Obese men may have lower hernia risk

ObesityJun 26, 08

Overweight and obese men may be less likely than their thinner counterparts to develop a hernia in the groin, a long-term study suggests.

Researchers found that among nearly 7,500 Swedish men followed for 34 years, the risk of developing a groin hernia declined as the men’s weight increased.

Overall, men who were obese in middle-age were 43 percent less likely than normal-weight men to be diagnosed with the condition over the next three decades.

The findings are published in the Annals of Surgery.

Hernias occur when a part of an internal organ bulges through a weak area of muscle, usually in the abdomen.
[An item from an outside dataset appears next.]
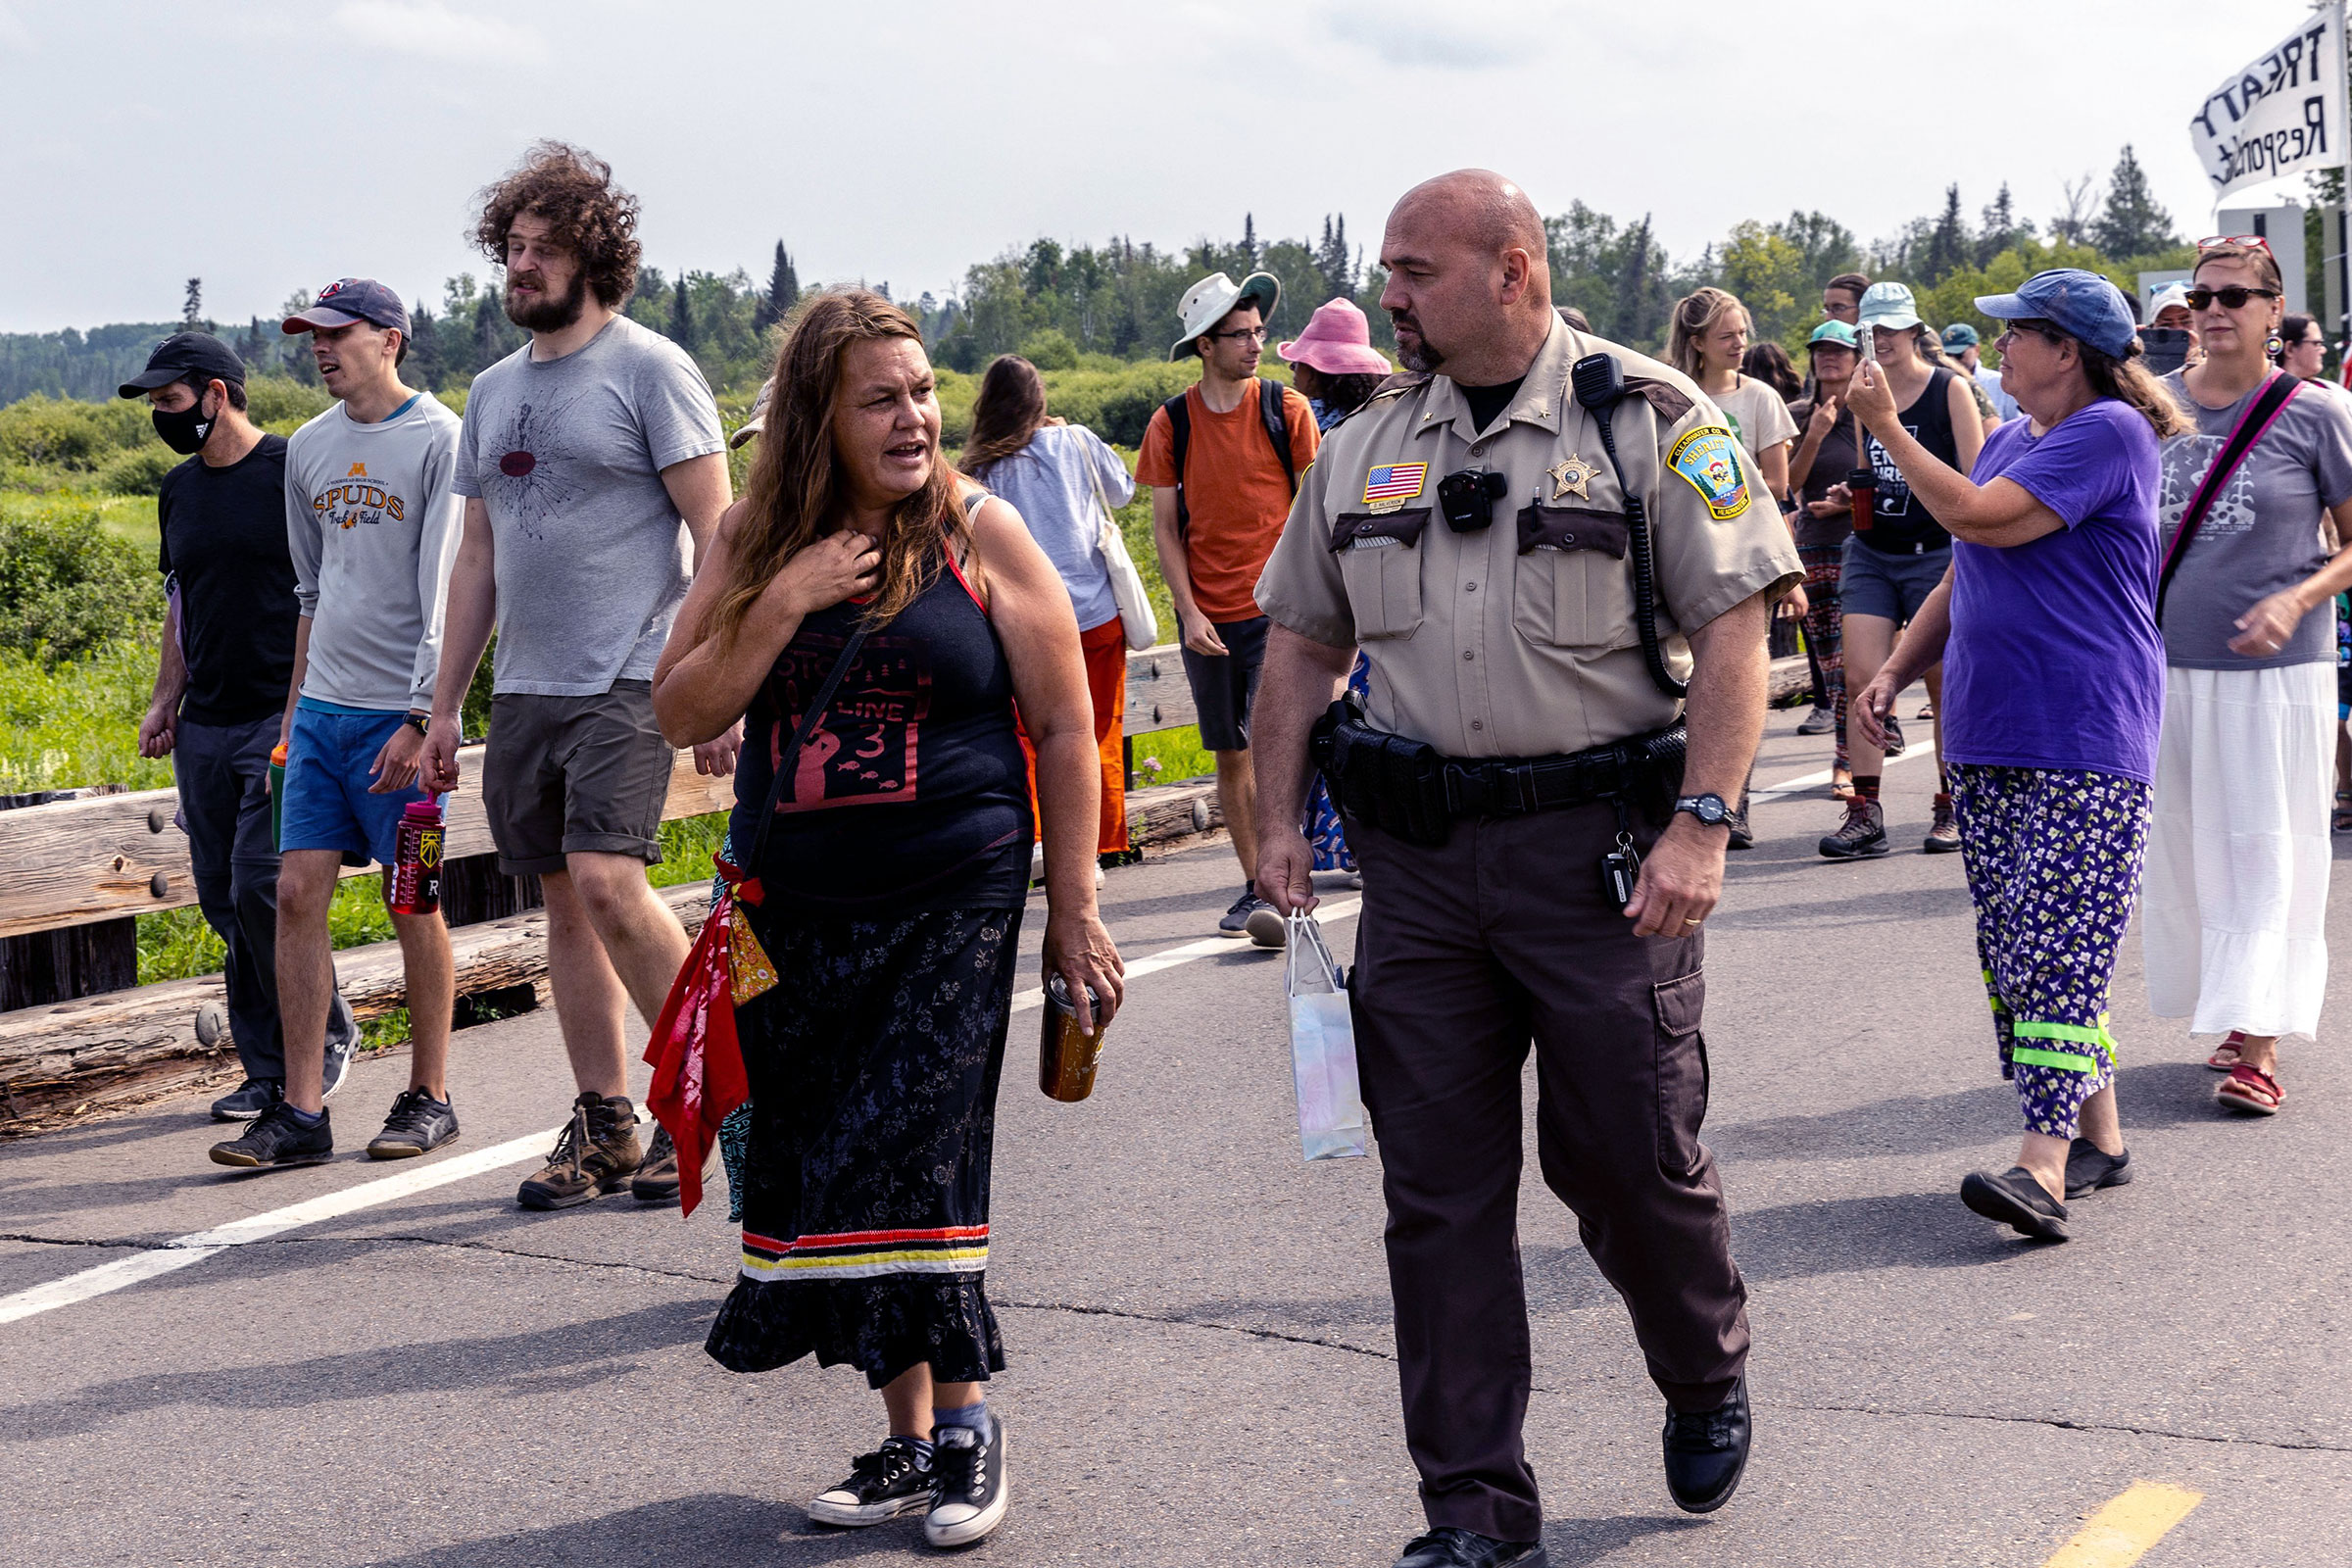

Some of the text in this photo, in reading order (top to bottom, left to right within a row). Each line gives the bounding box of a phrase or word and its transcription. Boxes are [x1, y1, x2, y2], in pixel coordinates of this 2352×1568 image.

Groin hernias are also known as inguinal hernias; they arise when intestinal tissue protrudes through a weak spot in the inguinal canal, an opening between the layers of abdominal muscle in the groin area.

Excessive pressure on the abdominal wall, such as the strain of heavy lifting, can cause a hernia. In theory, obesity could contribute to groin hernias by creating extra pressure within the abdominal cavity but data thus far have been inconclusive.
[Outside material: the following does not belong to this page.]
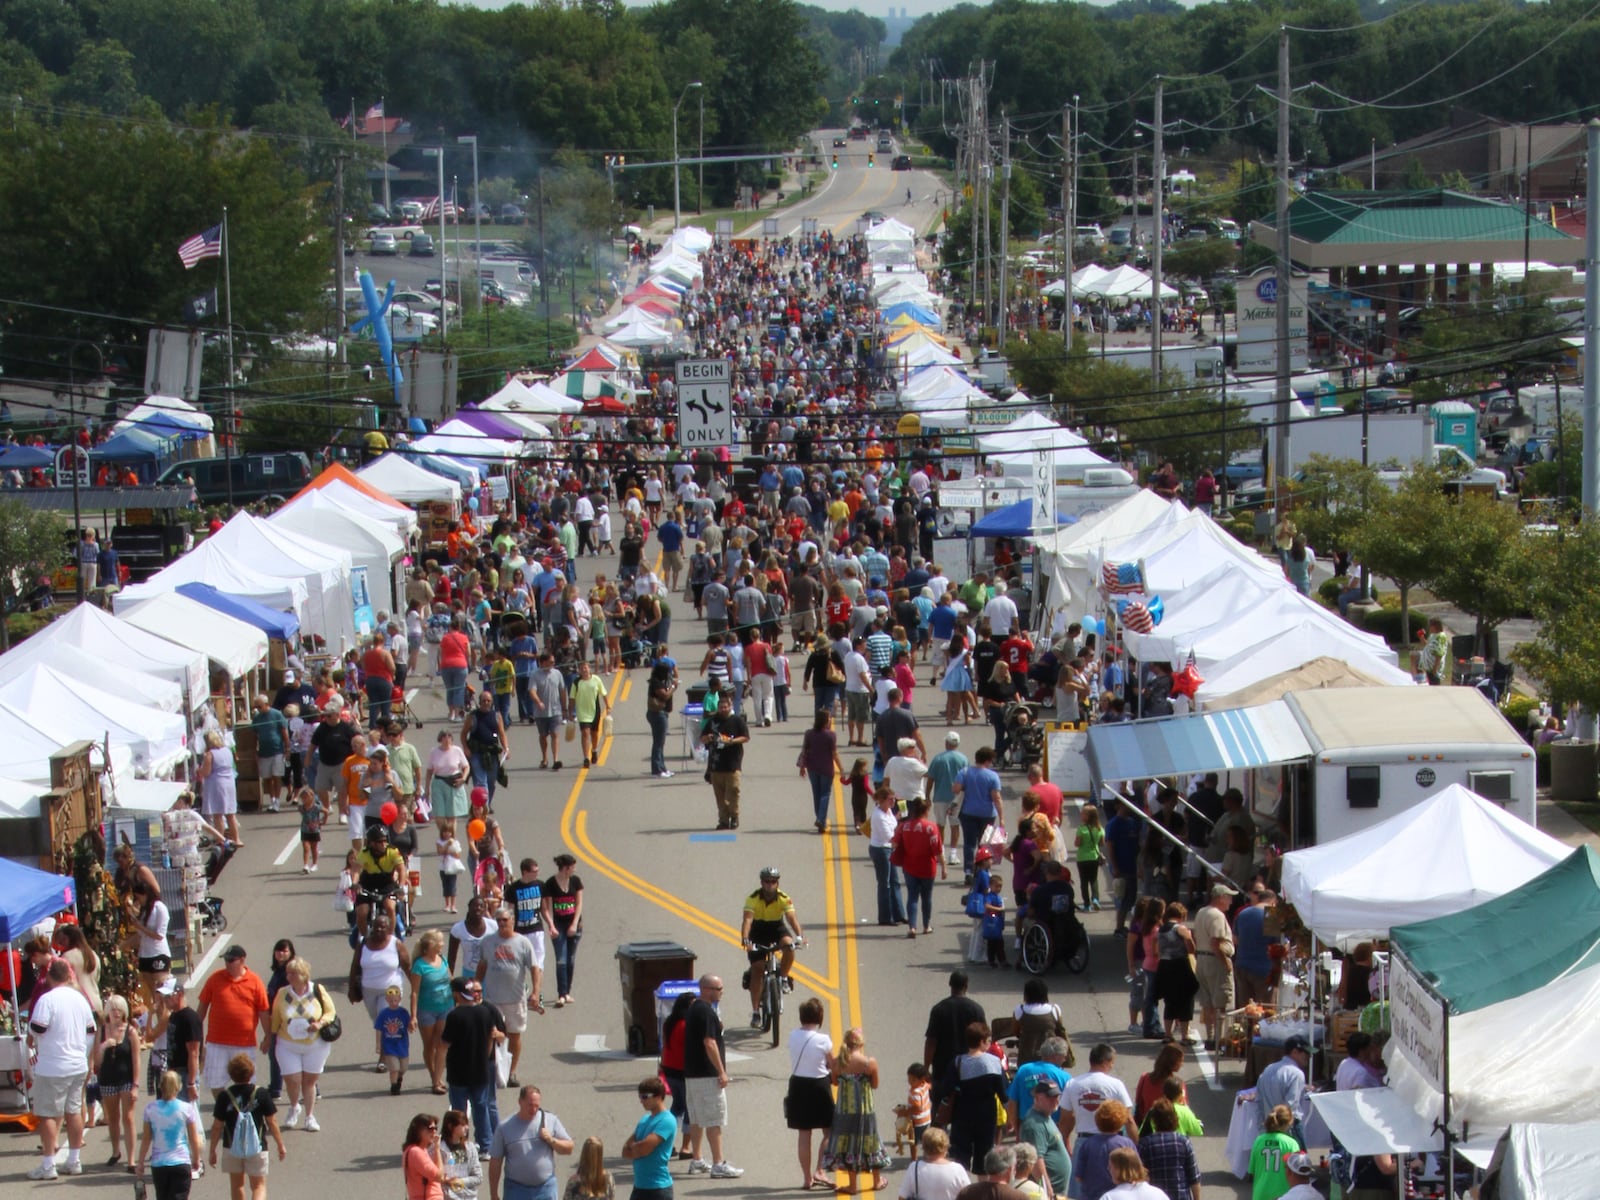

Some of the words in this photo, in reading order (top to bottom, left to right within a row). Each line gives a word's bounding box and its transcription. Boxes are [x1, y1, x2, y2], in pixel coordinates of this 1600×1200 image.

[683, 364, 723, 378] BEGIN
[687, 428, 725, 442] ONLY
[1010, 647, 1019, 664] 2
[1261, 1147, 1281, 1172] 11
The new findings, based on a large group of men followed for a long period, suggest that excess pounds may actually offer some protection against hernias, lead researcher Dr. Anders Rosemar told Reuters Health.

It’s not clear why obesity would protect against hernia, according to Rosemar and his colleagues at Sahlgrenska University Hospital/Ostra in Sweden.

One possibility, they speculate, is that the extra fat and thickness of the abdominal wall keep hernias from forming.

It’s also possible that hernias, which often cause a visible lump in the groin, are simply easier to detect in thinner men, the researchers note. However, they add, hernias also frequently cause pain, which would affect men whatever their weight.

Regardless of the effect of obesity on hernia risk, though, the fact remains that heavy men should try to shed pounds. Obese men may have a lower hernia risk, Rosemar said, but they still have an elevated risk of numerous other medical conditions.